O empirismo crítico de John Locke
A filosofia empírica (do grego empeiria
= experiência)
ganha formulação paradigmática, sistemática, metodológica e crítica consciente
a partir de Locke.
Seguindo a linha tradicional do
empirismo, que admite que todo conhecimento vem da experiência, portanto, dos
sentidos, Locke busca compreender qual a gênese, a função e os limites do
entendimento humano. Para isso, critica a noção cartesiana de sujeito como
substância. “A mente é uma tabula rasa”, já diria Aristóteles, que é retomado aqui para evidenciar que nada
não existe na mente que não estivesse antes nos sentidos.

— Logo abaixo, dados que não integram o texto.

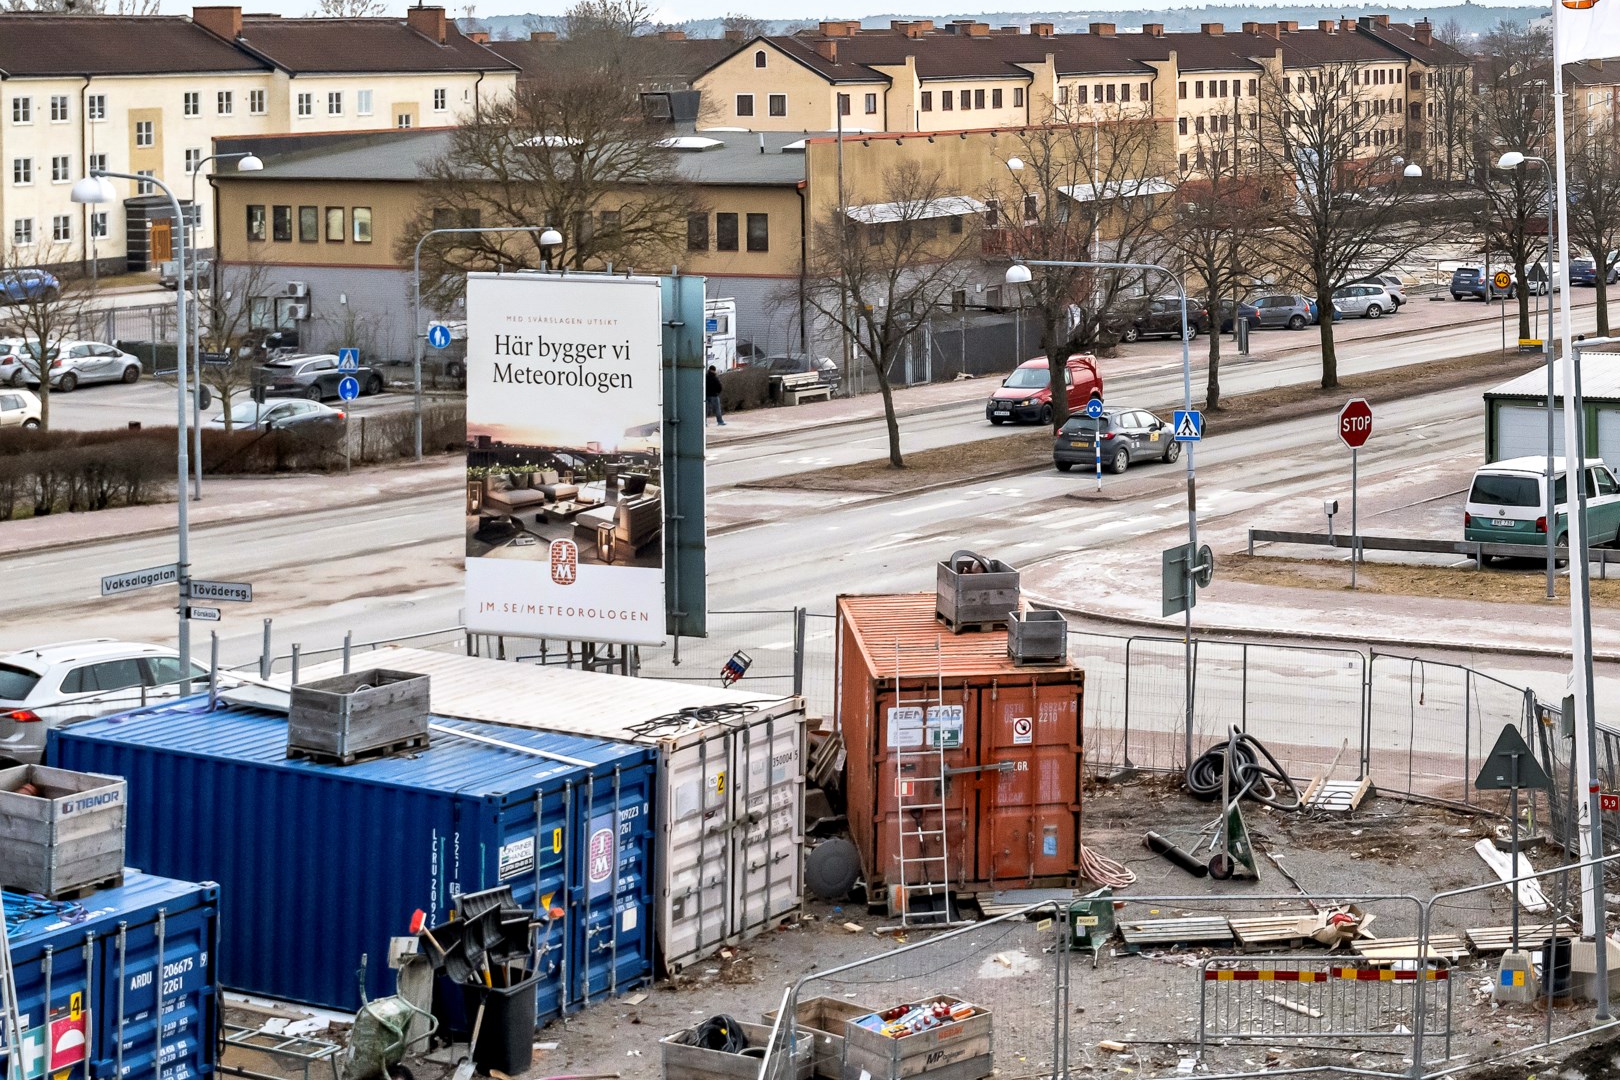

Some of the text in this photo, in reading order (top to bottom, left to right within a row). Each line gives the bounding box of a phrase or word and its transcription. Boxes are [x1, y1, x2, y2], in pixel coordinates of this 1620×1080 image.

[1496, 275, 1508, 285] 40
[506, 315, 524, 323] MED
[494, 334, 631, 364] Här bygger vi
[492, 362, 634, 393] Meteorologen
[1342, 415, 1371, 432] STOP
[555, 543, 574, 580] JM
[105, 569, 176, 592] Vaksalagatan
[193, 584, 250, 600] Tövädersg.
[479, 601, 649, 622] JM.SE/METEOROLOGEN
[1039, 712, 1058, 723] 2210
[794, 749, 799, 761] 5
[718, 775, 724, 791] 2
[76, 790, 119, 810] TIBNOR
[130, 971, 153, 991] ARDU
[163, 957, 194, 978] 206675
[163, 976, 183, 995] 22G1
[71, 996, 80, 1016] 4
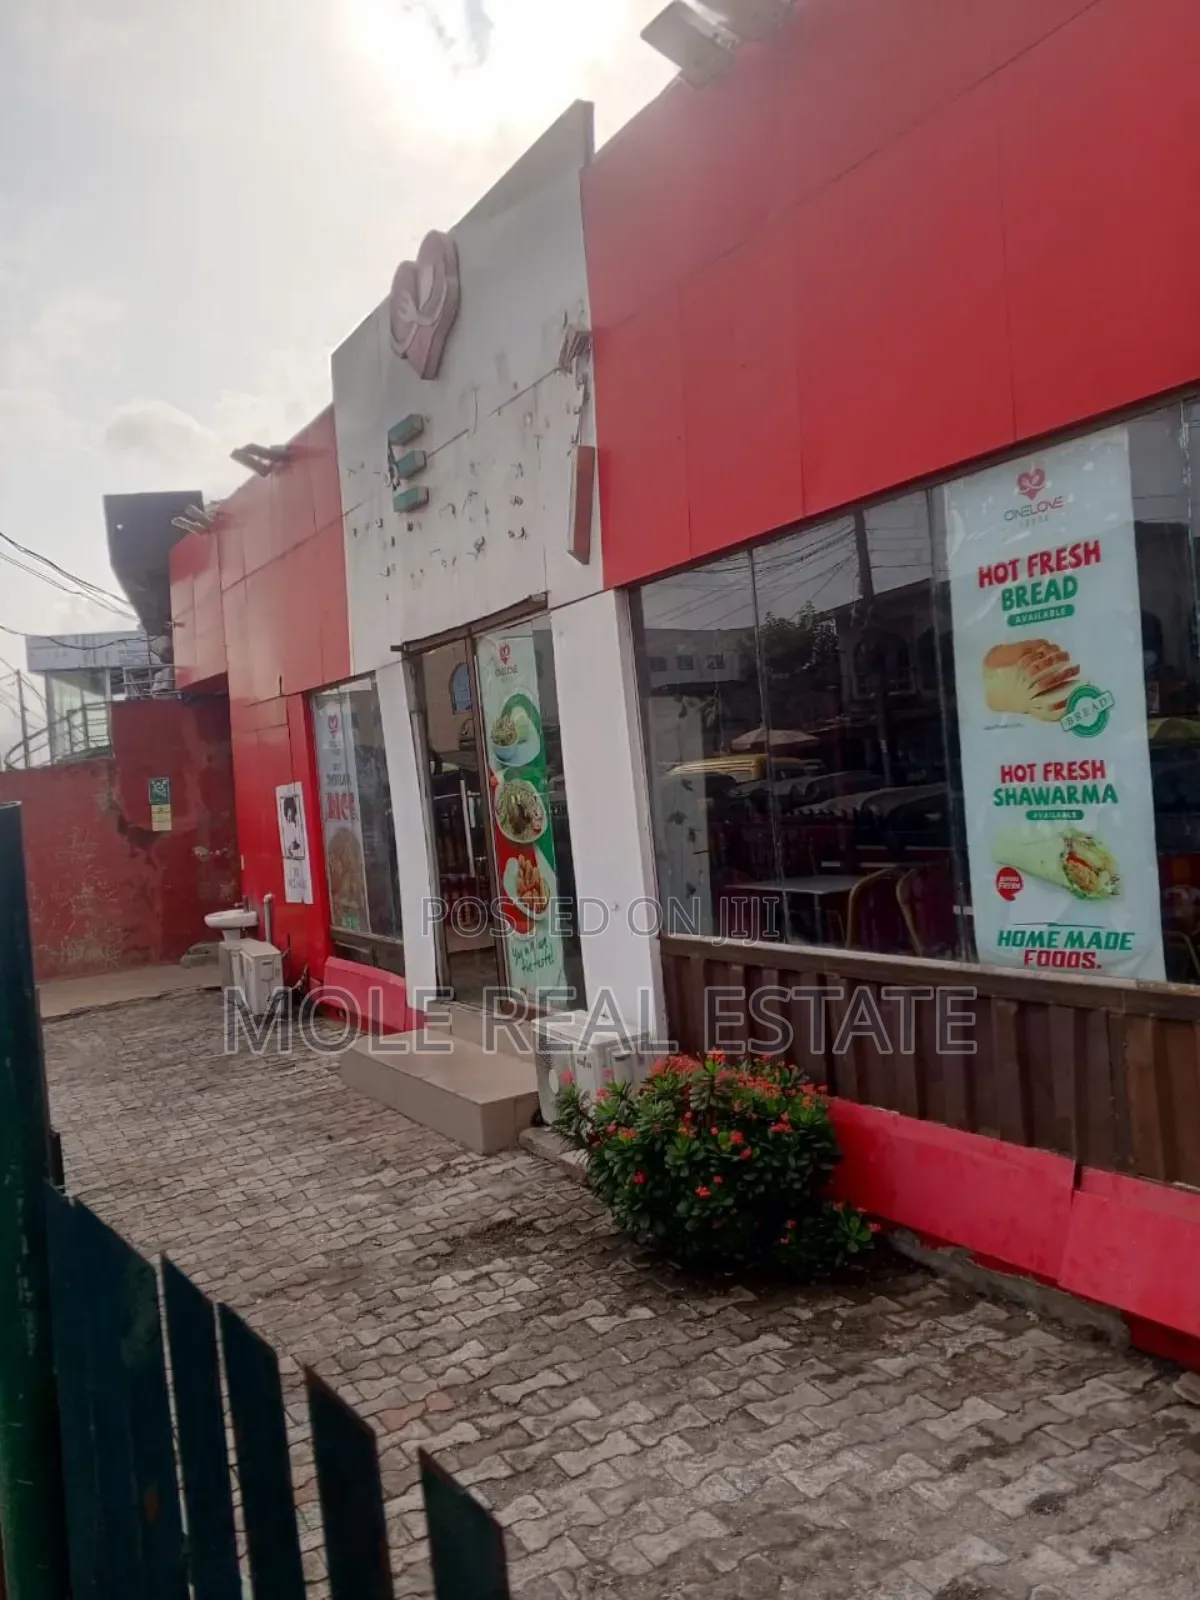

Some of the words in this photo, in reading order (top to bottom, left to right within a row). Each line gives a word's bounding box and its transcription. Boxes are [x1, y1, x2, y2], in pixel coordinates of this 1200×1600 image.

[1003, 496, 1065, 521] ONELOVE
[978, 558, 1021, 588] HOT
[1027, 540, 1101, 578] FRESH
[1001, 575, 1079, 612] BREAD
[1014, 607, 1066, 623] AVAILABLE
[1064, 696, 1109, 727] BREAD
[1000, 763, 1037, 784] HOT
[1043, 759, 1106, 782] FRESH
[993, 783, 1119, 806] SHAWARMA
[997, 930, 1061, 949] HOME
[1064, 931, 1135, 951] MADE
[1024, 950, 1103, 969] FOODS.

De acordo com Locke, a mente é como
uma cera passiva, desprovida de conteúdos, em que os dados da sensibilidade vão
imprimindo ali as ideias que podemos conhecer. Aqui, ideia não tem o mesmo
significado que em Descartes (ou se tem, trata-se apenas das adventícias, não
das inatas). As ideias inatas existem no espírito humano, são anteriores ao
nascimento e coordenam, assim, o modo como o homem conhece. Mas para o filósofo
empirista, o saber humano é determinado pelas impressões vindas da sensação,
não de um fundamento inteligível inato. Corpo e mente são uma coisa só, não são
distintos como em Descartes. Notem que ainda estamos trabalhando com a noção de
sujeito como fundamento, mas agora não mais um sujeito universal (razão) e sim
um sujeito particular no qual todas as representações (ideias) estão encerradas
no modo como cada indivíduo percebe a realidade. Fica então a pergunta: como
universalizar os juízos, já que as representações são particulares? Eis a
resposta a seguir.
Em primeiro lugar, para Locke a única
coisa que pode ser inata no homem é a capacidade de depreender (abstrair)
ideias dos fatos singulares (como em Aristóteles) e não que as próprias ideias
sejam inatas (como em Descartes). Em seu Ensaio sobre o entendimento
humano, Locke faz uma
espécie de mapeamento de como em nossa mente se produzem as ideias. As ideias
derivam das sensações. Não existe pensamento puro sobre conceitos meramente
inteligíveis, mas pensar é sempre pensar em algo recebido pelas sensações impresso
em nossa mente. A experiência nada mais é do que a observação tanto dos objetos
externos como das operações internas da mente. Pensamento não é formal, mas sim
uma síntese entre forma e conteúdo derivados da experiência e limitados a esta.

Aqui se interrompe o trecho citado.